Australia stunned holders Fiji to win the Hong Kong Rugby Sevens on Sunday, taking their first trophy in the city in 34 years.
In a thrilling 20-17 game, a last-minute try from Nathan Lawson upended the Pacific islanders, who had been seeking their sixth Hong Kong win in a row, and 20th overall.
Henry Hutchison put on two tries for the Aussies earlier in the game.
Most people had expected the Fijians to win.
"Until the last 20 seconds so did I," said Australia coach John Manenti.
"Like all weekend we just hung in there; we found a way."
Australia -- reigning World Sevens Series champions -- had earlier seen off Ireland and France, after losing to Samoa in the pools.
After topping Pool C, Fiji got to the final by sweeping aside South Africa and Samoa.
"It's quite surreal that we're even here," said Manenti. "We had to fight, we lost against Samoa... we fought hard and beat the Kiwis. We had to fight against the French, we had to fight against the Irish."
"All of a sudden we're in the game, we've got a minute to go and the boys owned up, it was really special."
The Hong Kong tournament is the first weekend of the new World Sevens Series, which will make an extra stop in the city in April. It also serves as qualifying for the 2024 Paris Olympics.
Next up is Dubai Rugby Sevens, in early December.
Sevens tournaments hold a volley of finals on the last day, as a chance for sides knocked out early doors to lift some silverware.
In the lesser finals Sunday, the bronze medal went to France, while Argentina claimed fifth place, New Zealand sealed ninth, and Uruguay finished 13th.

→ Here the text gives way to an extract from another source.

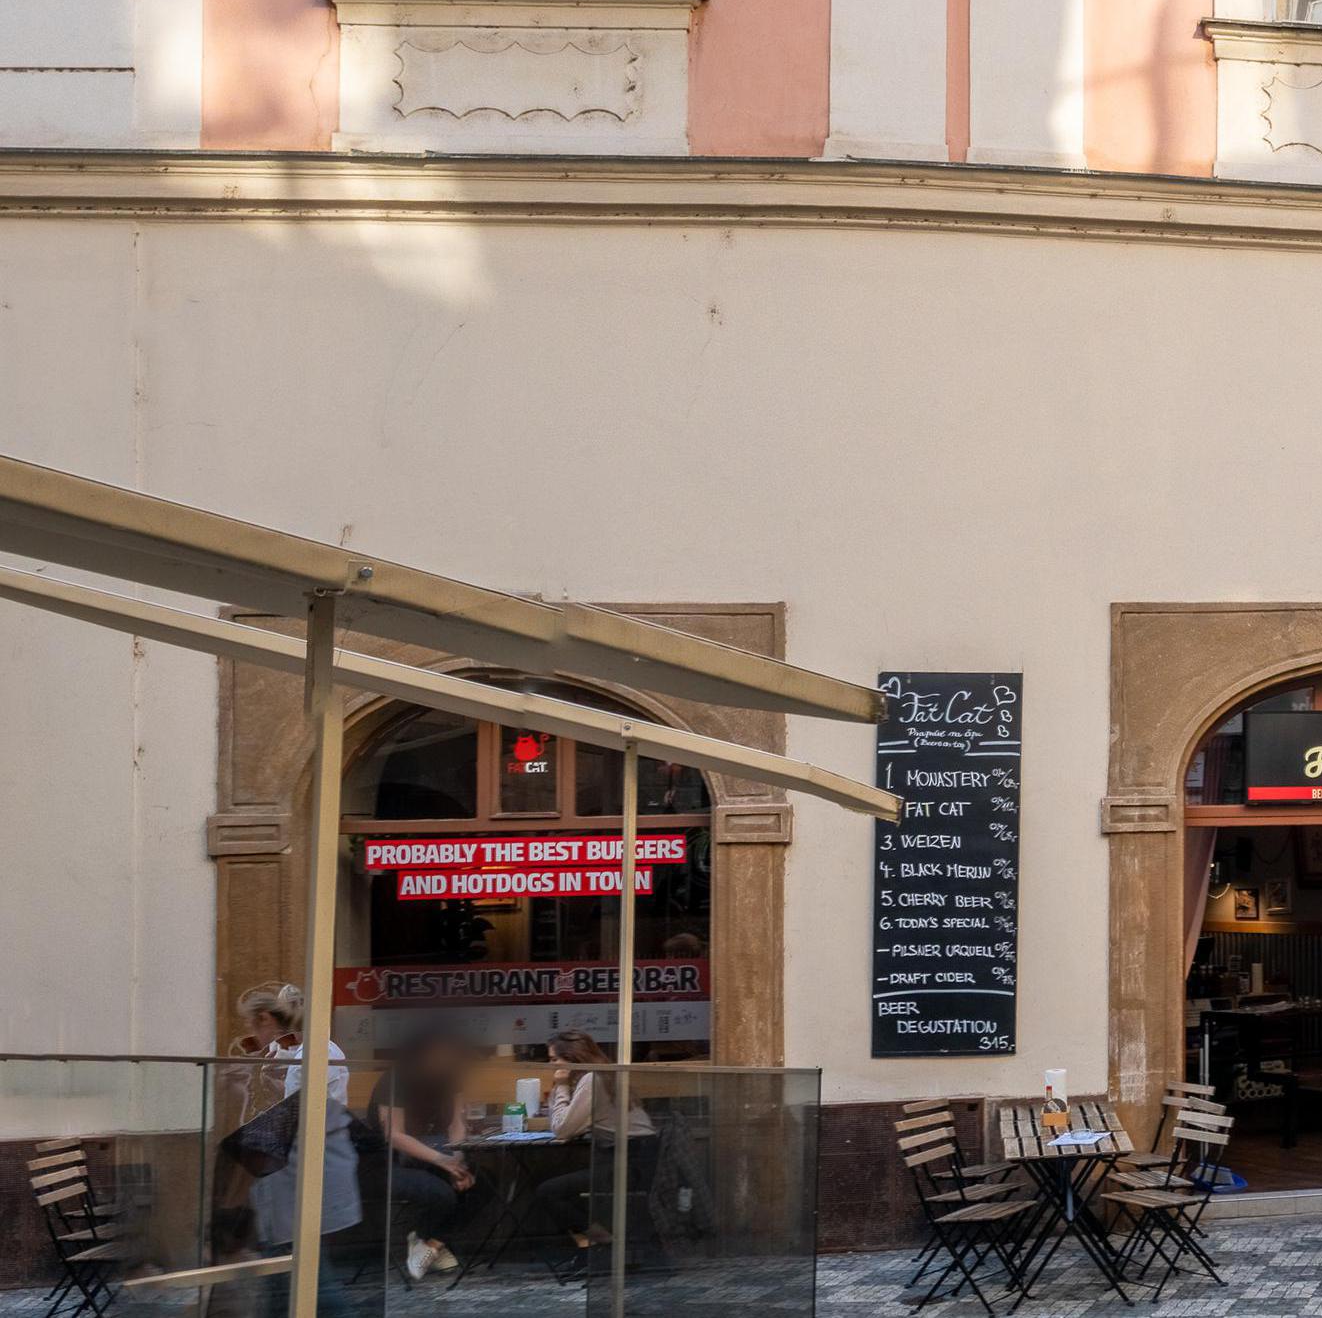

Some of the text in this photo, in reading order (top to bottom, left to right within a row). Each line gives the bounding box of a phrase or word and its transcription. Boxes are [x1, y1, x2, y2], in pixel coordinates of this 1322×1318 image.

Hosts Hong Kong were dumped out of the 13th-place playoff by Japan, going down 24-17.
Off the pitch, city officials had been eager to reboot the sports and tourism sectors and declare a return to normality after years of pandemic travel curbs in the southern Chinese city.
Spotted among the crowd, and maskless but holding a drink -- in accordance with the rules -- was Hong Kong security minister Chris Tang, well known for spearheading a crackdown on dissent since pro-democracy protests broke out in 2019.
As he gladhanded in the stadium's south stand -- the domain of fancy dress, YMCA chants and beer in a two-pint cup -- the former police chief was greeted with a gentle ripple of boos.
Before Covid, the tournament reliably drew a daily crowd of 40,000 at Hong Kong Stadium, right up until its last edition in April 2019.
This year, the stadium is capped at 85 percent capacity because of pandemic rules and organisers were aiming for 30,000-plus a day.
But the venue was only about three-fifths full at the peak of the weekend's crowds, with international visitors having been discouraged by rules against new arrivals entering public venues during their first three days in the city.